Objectives: To investigate the effects of sodium ascorbate (SA) (5–3125 μM) and a combination of SA and Trolox (25 and 125 μM) on oxidative changes generated in red blood cells (RBCs) followed by up to 20 days refrigerated storage.

Methods: RBCs were isolated from CPD-preserved human blood. Percentage of hemolysis and extracellular activity of lactate dehydrogenase (LDH) were measured to assess the RBC membrane integrity. Lipid peroxidation (LPO), glutathione (GSH) and total antioxidant capacity (TAC) were quantified by thiobarbituric acid-reactive substances, Ellman’s reagent and 2,2′-azinobis-(3-ethylbenzothiazoline-6-sulfonate) -based assay, respectively.

Results: SA failed to reduce the storage-induced hemolysis and RBC membrane permeability. Addition of SA resulted in a concentration-independent LPO inhibition and increased TAC. A combination of SA/Trolox supplemented to the RBC medium significantly inhibited hemolysis, LDH leakage, LPO, GSH depletion and enhanced TAC.

Discussion: The effects of vitamin C action are closely concentration-dependent and may be modulated by a variety of compounds (e.g.
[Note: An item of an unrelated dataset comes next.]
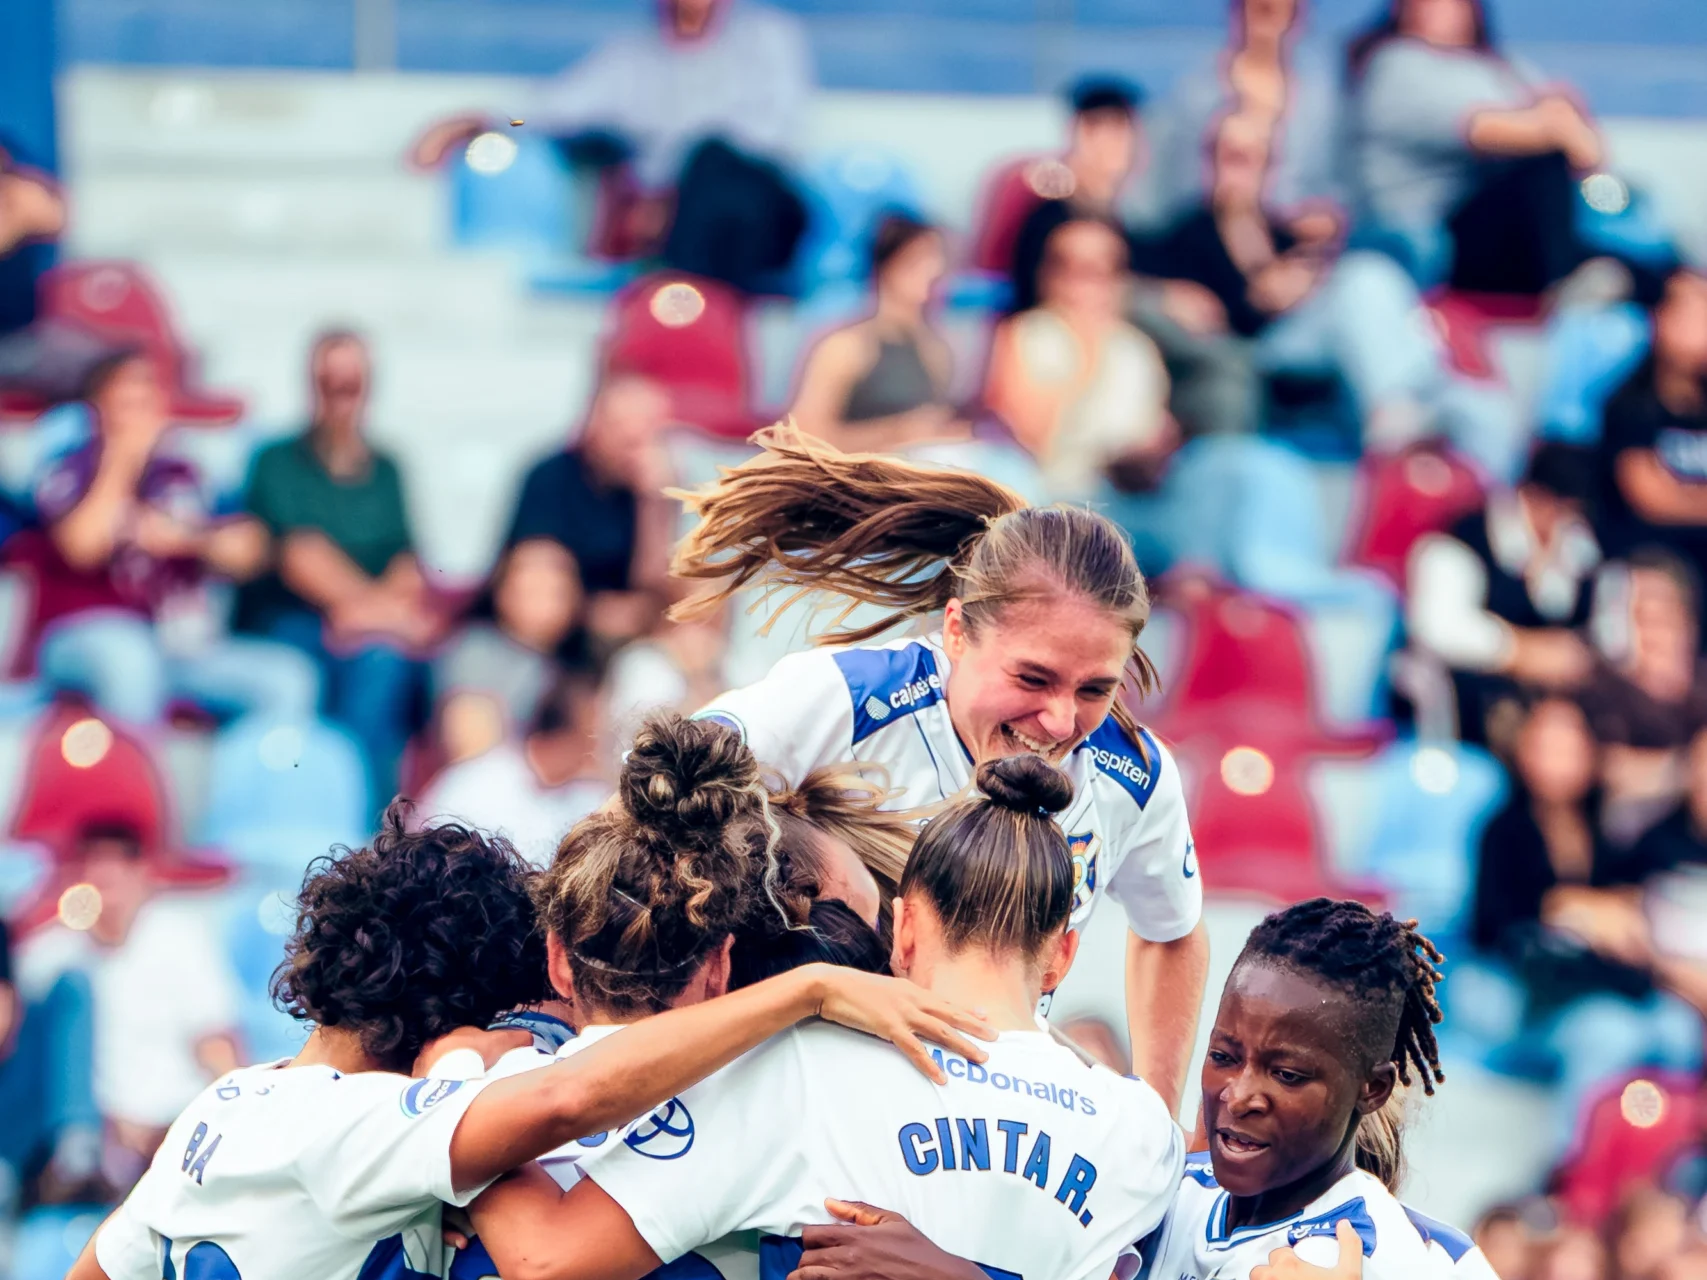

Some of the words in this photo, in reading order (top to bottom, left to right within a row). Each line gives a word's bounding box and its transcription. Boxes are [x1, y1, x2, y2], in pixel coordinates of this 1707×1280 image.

[1086, 736, 1151, 790] ospiten
[898, 1117, 1051, 1190] CINTA
[1054, 1153, 1098, 1228] R.
Hb degradation products) released from RBCs during the prolonged storage, changing its properties from anti- to pro-oxidative. The two different class antioxidants (SA/Trolox) could possibly cooperate to be good potential RBC storage additives ensuring both antiradical and membrane stabilizing protection.
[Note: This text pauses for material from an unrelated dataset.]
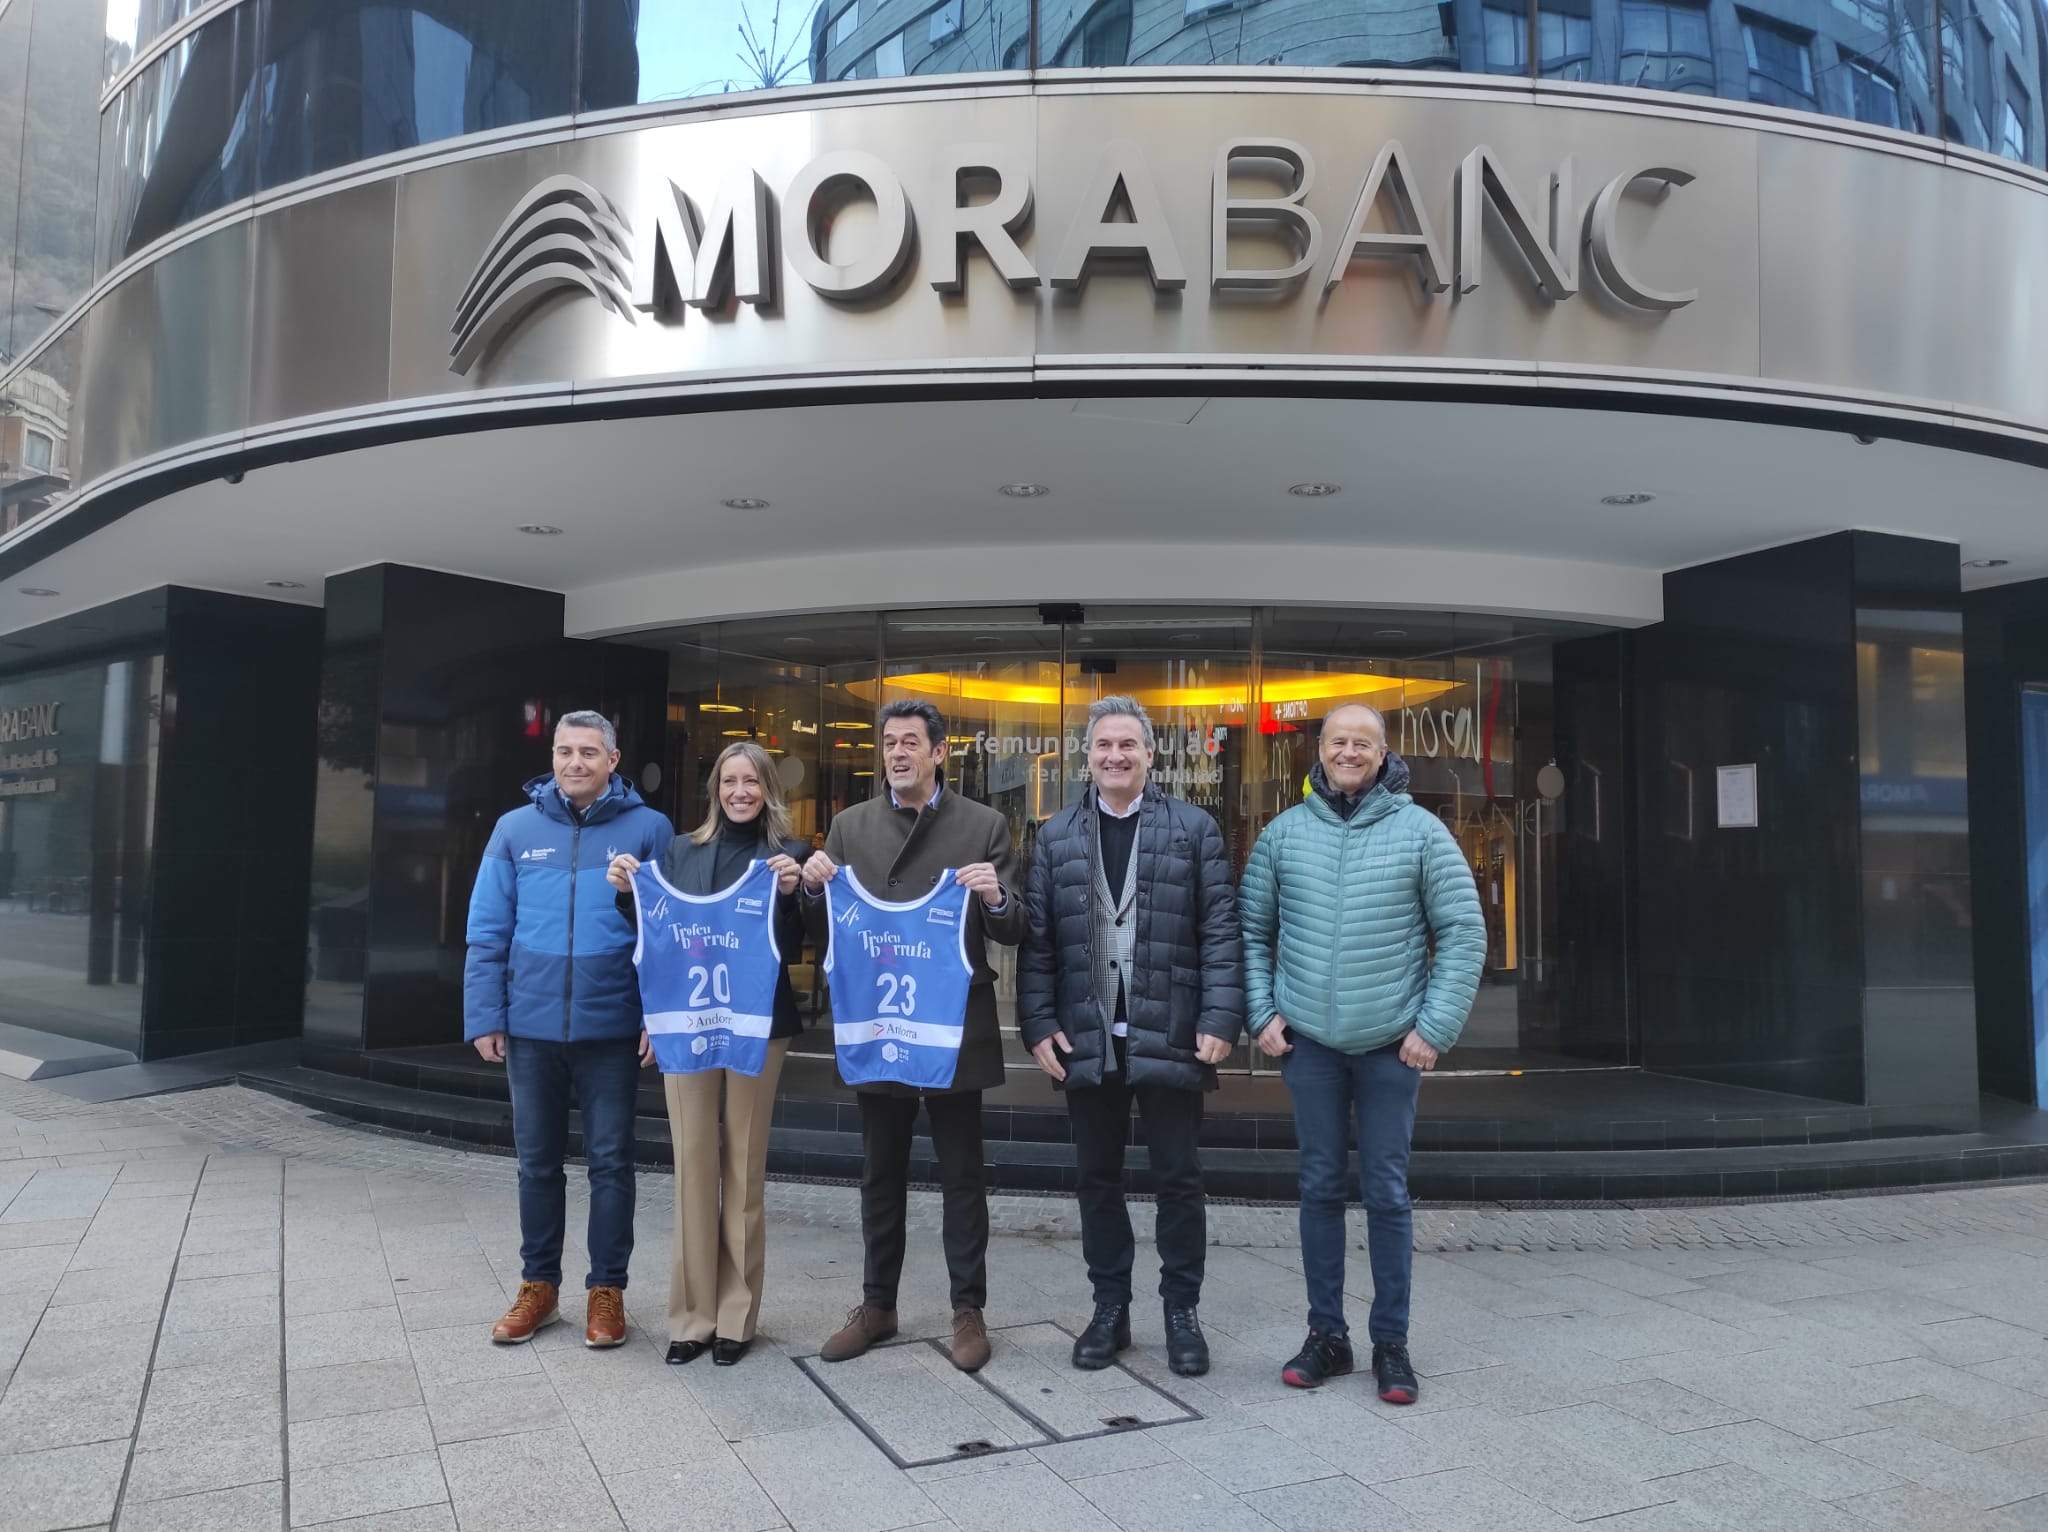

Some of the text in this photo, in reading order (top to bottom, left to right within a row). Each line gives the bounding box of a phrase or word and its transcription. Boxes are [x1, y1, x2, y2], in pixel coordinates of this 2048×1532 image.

目的：研究抗坏血酸钠（SA）（5–3125μM）以及SA和Trolox的组合（25和125μM）对红细胞（RBC）产生的氧化变化的影响，然后冷藏保存长达20天。

方法：从保存了CPD的人血中分离出RBC。测量溶血百分比和乳酸脱氢酶（LDH）的细胞外活性，以评估RBC膜的完整性。脂质过氧化（LPO），谷胱甘肽（GSH）和总抗氧化能力（TAC）通过硫代巴比妥酸反应性物质，Ellman试剂和2,2'-叠氮基双-（3-乙基苯并噻唑啉-6-磺酸盐）进行定量基于基础的分析。

结果： SA未能降低储存诱导的溶血和RBC膜通透性。添加SA导致浓度依赖性LPO抑制和TAC增加。补充RBC培养基的SA / Trolox组合可显着抑制溶血，LDH渗漏，LPO，GSH耗竭并增强TAC。

讨论：维生素C的作用与浓度密切相关，在长期储存过程中，红细胞释放出的多种化合物（例如Hb降解产物）可能会调节维生素C的作用，从而将其性能从抗氧化性转变为促氧化性。两种不同类型的抗氧化剂（SA / Trolox）可能会协同作用，成为潜在的RBC储存添加剂，从而确保抗自由基和膜稳定的保护。